Data to process:
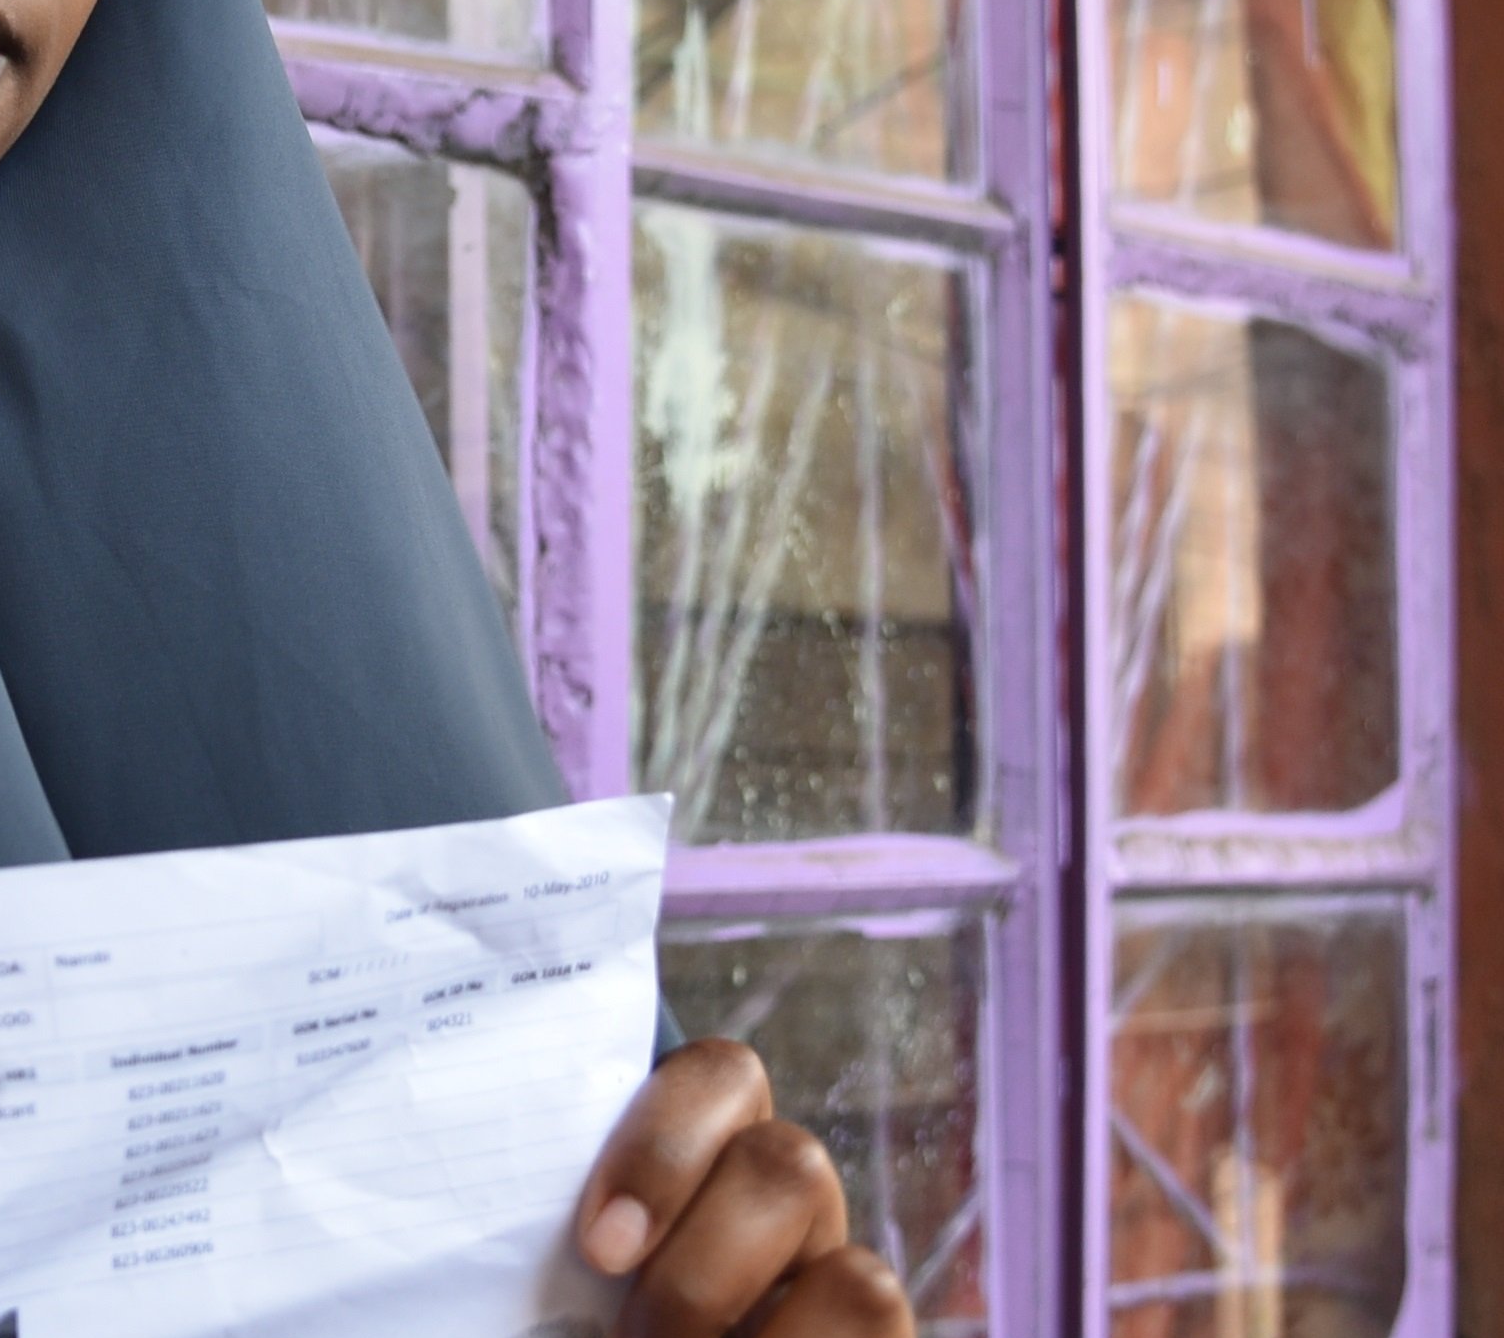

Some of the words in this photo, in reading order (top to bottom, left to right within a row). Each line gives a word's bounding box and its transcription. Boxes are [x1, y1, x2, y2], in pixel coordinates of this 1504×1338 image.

[386, 908, 414, 924] Date
[523, 870, 610, 900] 10-May-2010
[110, 1047, 182, 1070] Individual
[187, 1038, 238, 1060] Number
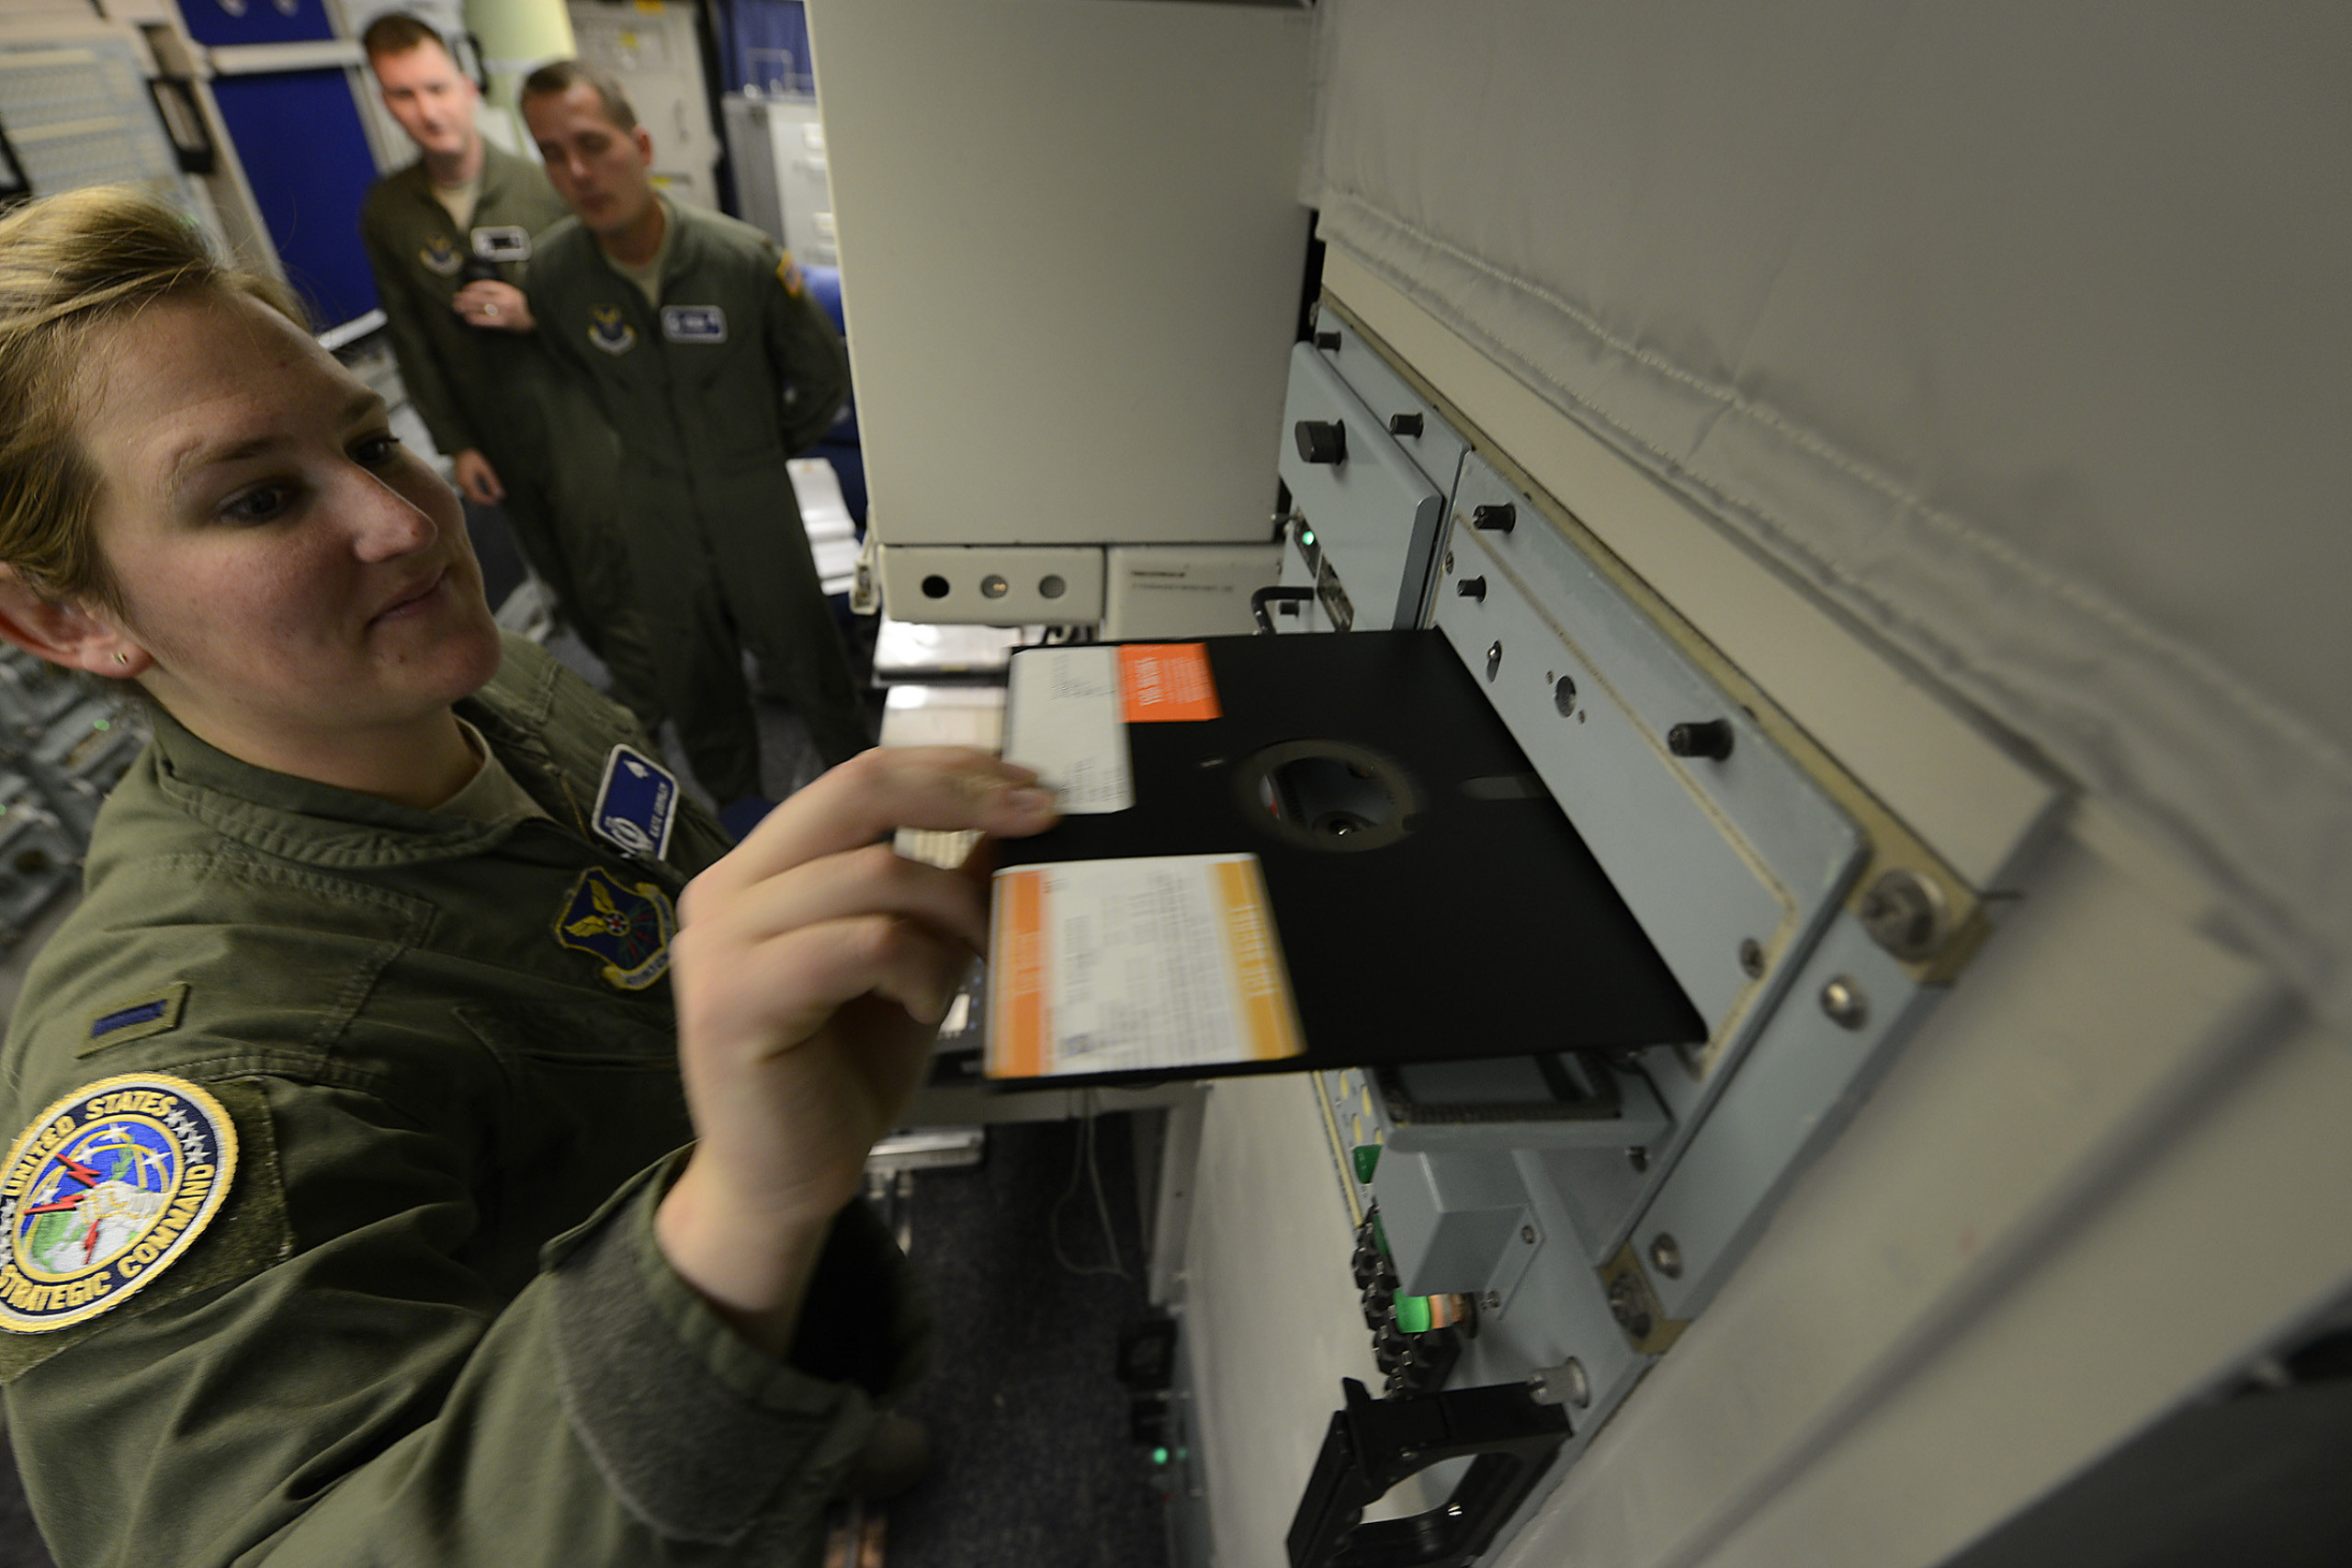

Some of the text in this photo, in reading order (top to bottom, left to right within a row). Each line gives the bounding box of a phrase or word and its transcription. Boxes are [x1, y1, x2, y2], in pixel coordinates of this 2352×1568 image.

[5, 1090, 178, 1197] UNITED STATES
[0, 1163, 216, 1311] STRATEGIC COMMAND

Activity: With images omitted, retype the data word for word.

Output for this task:
Some of the words in this photo, in reading order (top to bottom, left to right within a row). Each line gives a word's bounding box and its transcription. Boxes are [x1, y1, x2, y2], in pixel coordinates of this 1504×1338 image.

[386, 908, 414, 924] Date
[523, 870, 610, 900] 10-May-2010
[110, 1047, 182, 1070] Individual
[187, 1038, 238, 1060] Number

Some of the text in this photo, in reading order (top to bottom, left to right within a row). Each line gives the bounding box of a phrase or word and its transcription. Boxes are [x1, y1, x2, y2], in pixel coordinates of this 2352×1568 image.

[5, 1090, 178, 1197] UNITED STATES
[0, 1163, 216, 1311] STRATEGIC COMMAND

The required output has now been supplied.